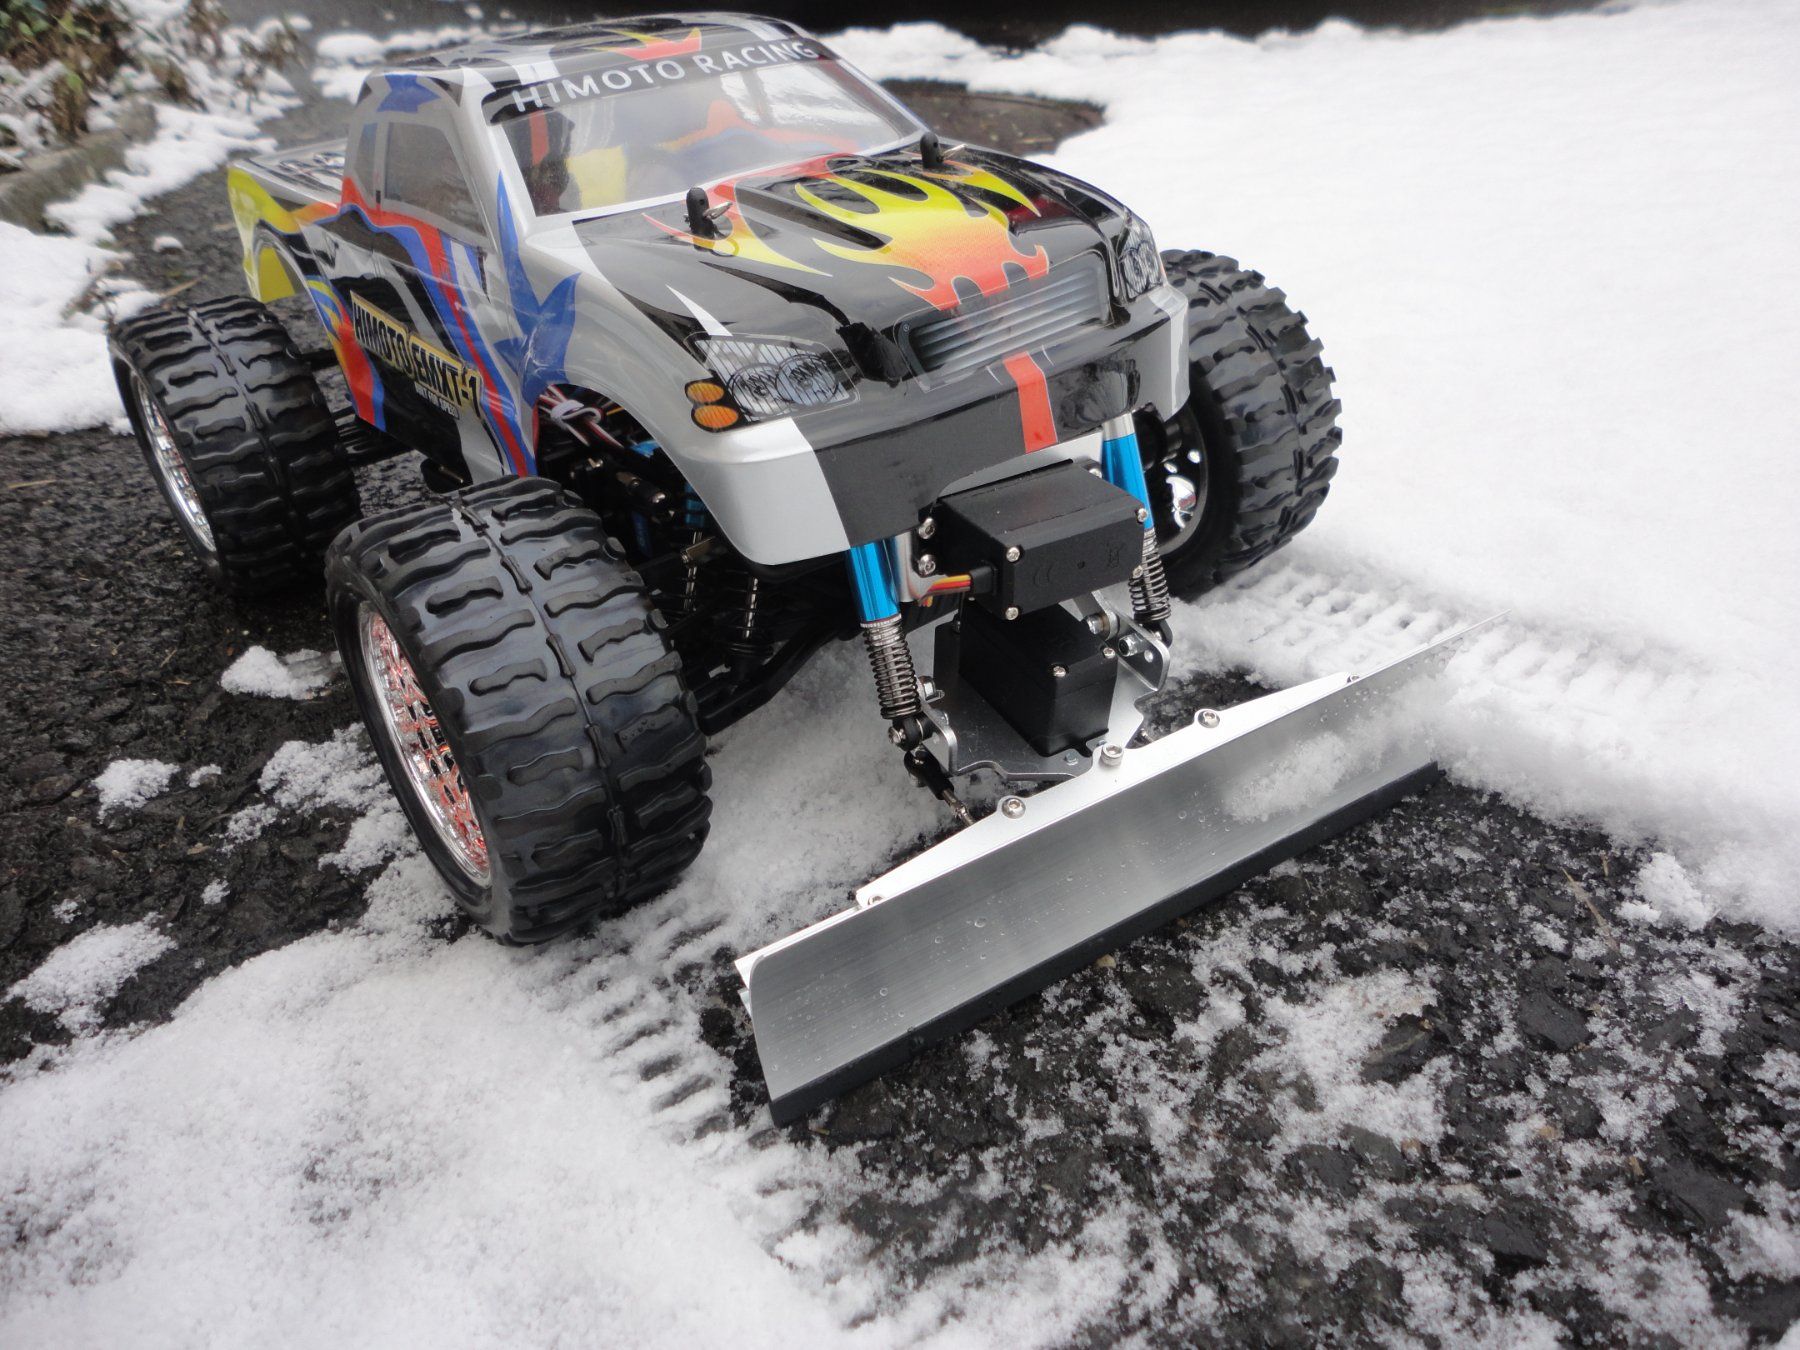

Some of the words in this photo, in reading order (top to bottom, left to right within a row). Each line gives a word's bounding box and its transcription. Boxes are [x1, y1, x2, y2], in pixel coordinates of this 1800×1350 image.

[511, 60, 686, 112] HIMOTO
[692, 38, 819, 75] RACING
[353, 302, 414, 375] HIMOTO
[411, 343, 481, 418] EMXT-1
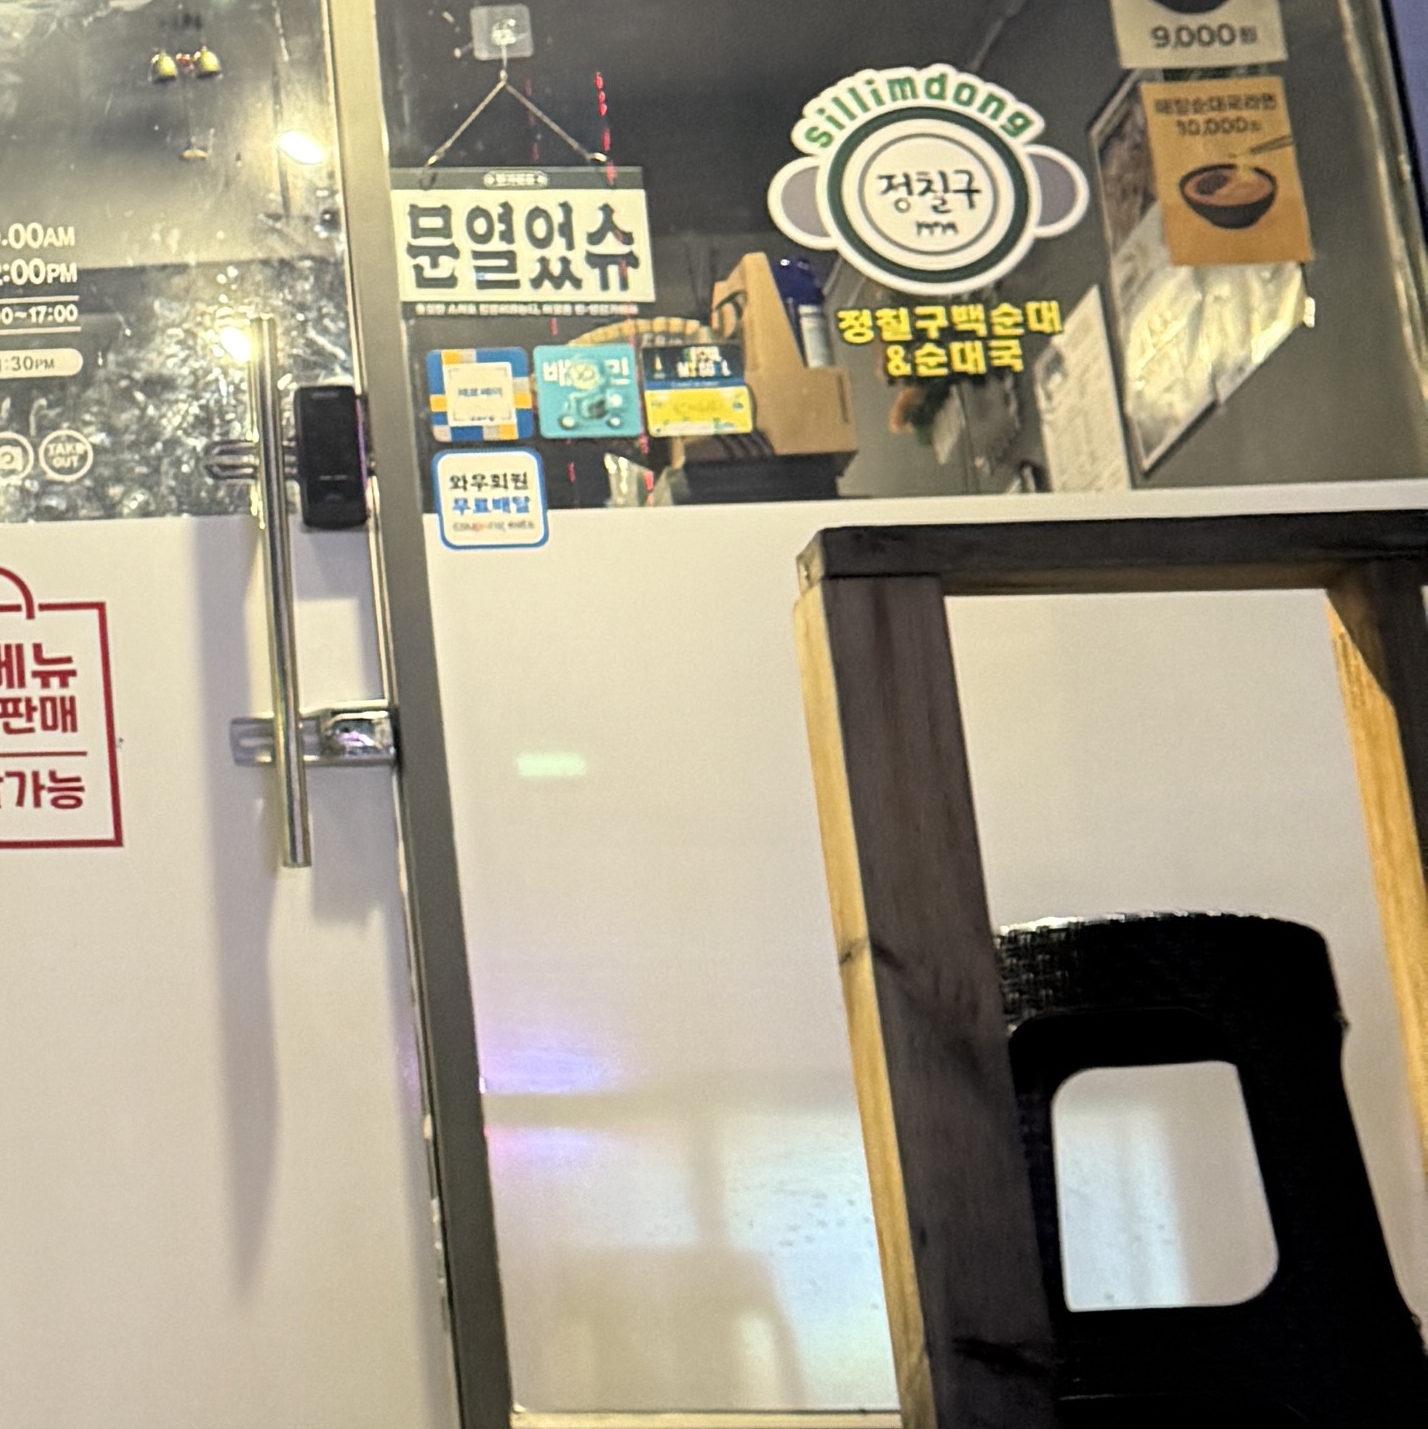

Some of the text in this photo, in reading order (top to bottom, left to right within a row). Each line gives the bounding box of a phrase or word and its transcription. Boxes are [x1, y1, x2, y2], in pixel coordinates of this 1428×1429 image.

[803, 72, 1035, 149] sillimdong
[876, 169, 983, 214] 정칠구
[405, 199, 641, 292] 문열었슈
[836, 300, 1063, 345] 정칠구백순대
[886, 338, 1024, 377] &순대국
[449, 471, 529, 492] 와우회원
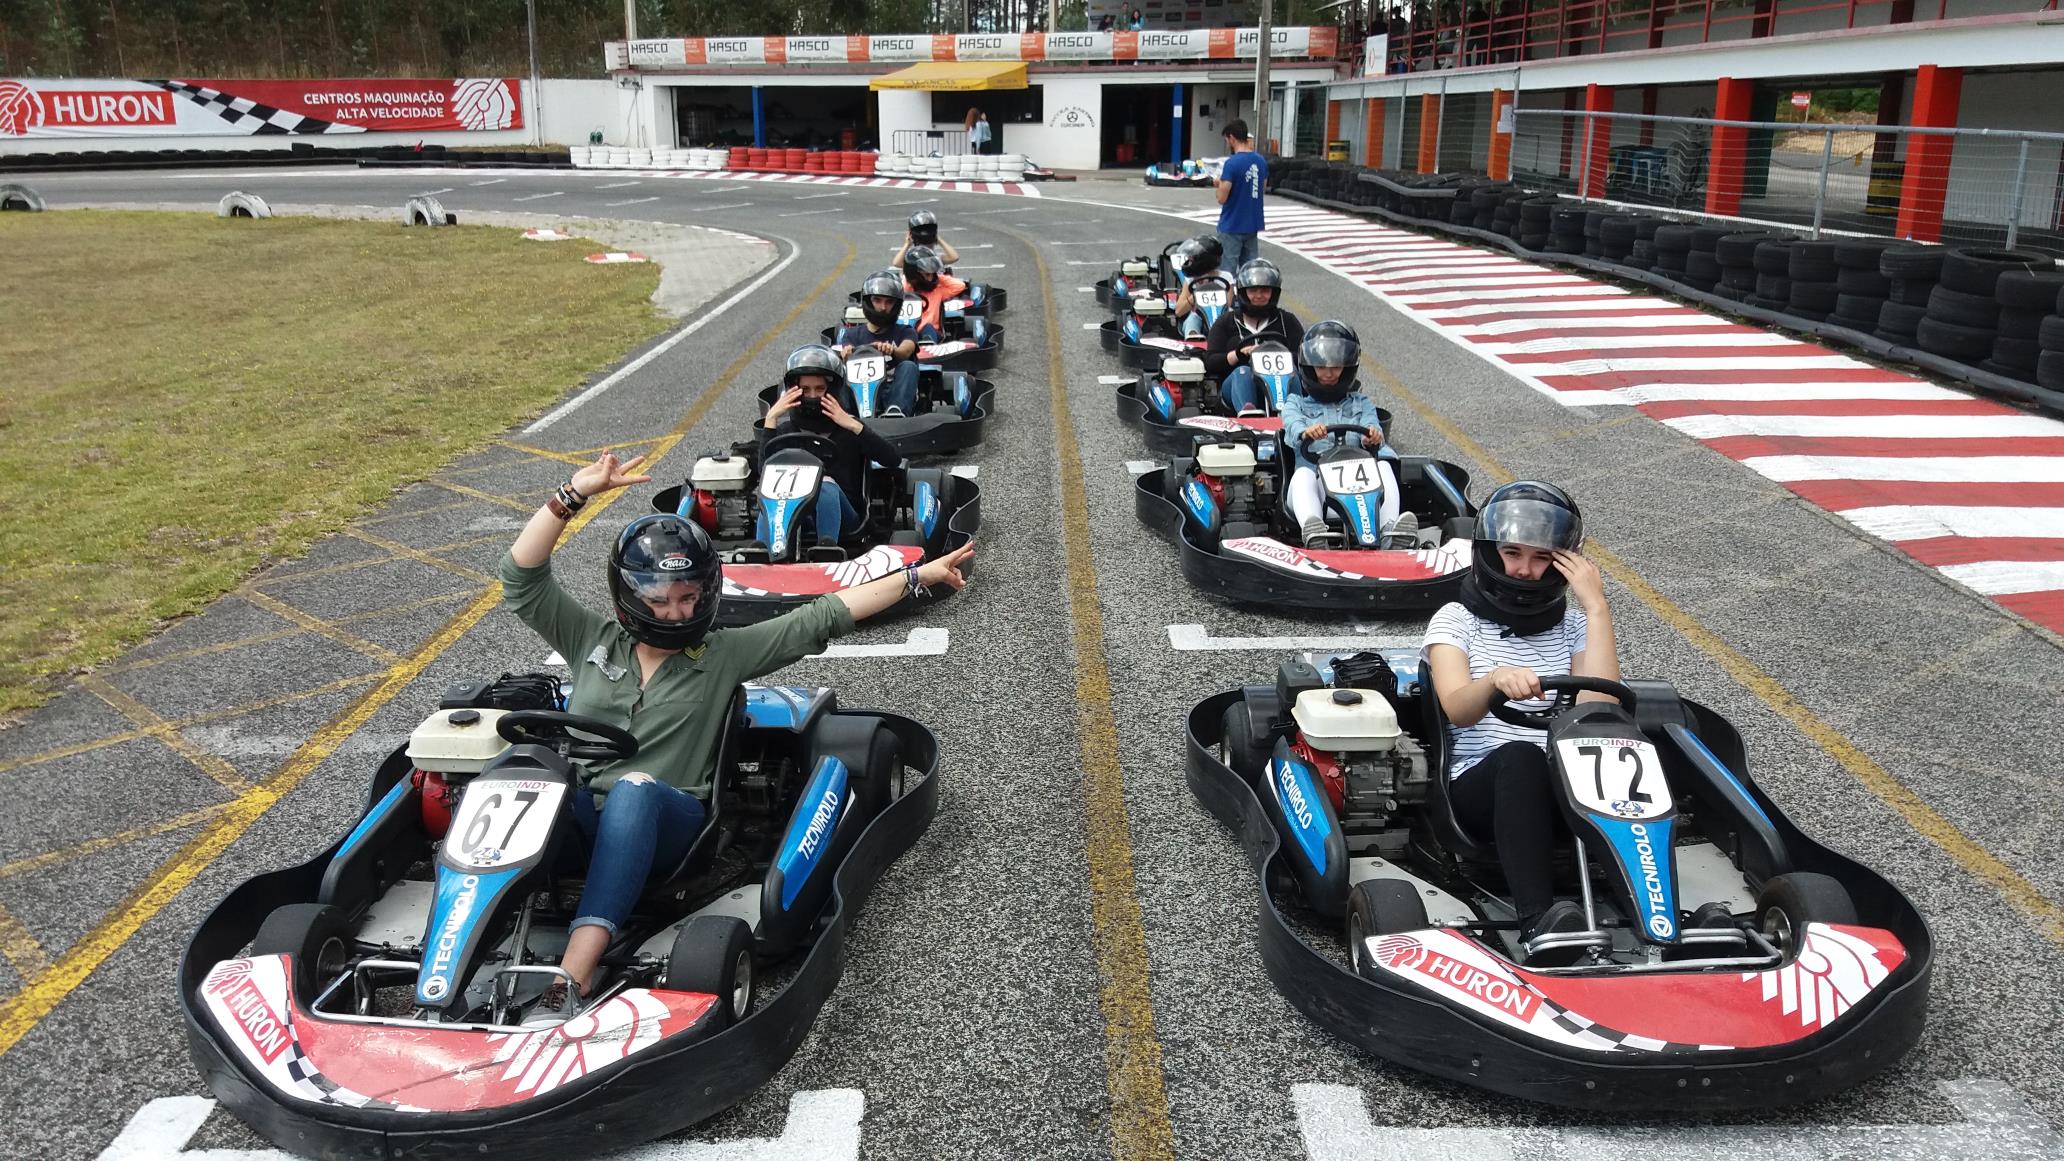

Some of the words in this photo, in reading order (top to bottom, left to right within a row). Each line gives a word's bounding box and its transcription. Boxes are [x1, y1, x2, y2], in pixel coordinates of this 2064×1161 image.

━━━━━━━━━━━━━━━━

THE PROBLEM: The output consists of exactly the lines from the one containing "Some of the text" through the last line of the listing, both included, with no pictures.

WRITTEN ANSWER:
Some of the text in this photo, in reading order (top to bottom, left to right within a row). Each line gives the bounding box of a phrase or word and its transcription. Boxes are [x1, y1, x2, y2], in pixel coordinates of this 1428×1429 image.

[803, 72, 1035, 149] sillimdong
[876, 169, 983, 214] 정칠구
[405, 199, 641, 292] 문열었슈
[836, 300, 1063, 345] 정칠구백순대
[886, 338, 1024, 377] &순대국
[449, 471, 529, 492] 와우회원

Some of the words in this photo, in reading order (top to bottom, left to right within a row). Each line gives a word's bounding box and its transcription. Boxes are [x1, y1, x2, y2], in pixel coordinates of this 2064×1161 image.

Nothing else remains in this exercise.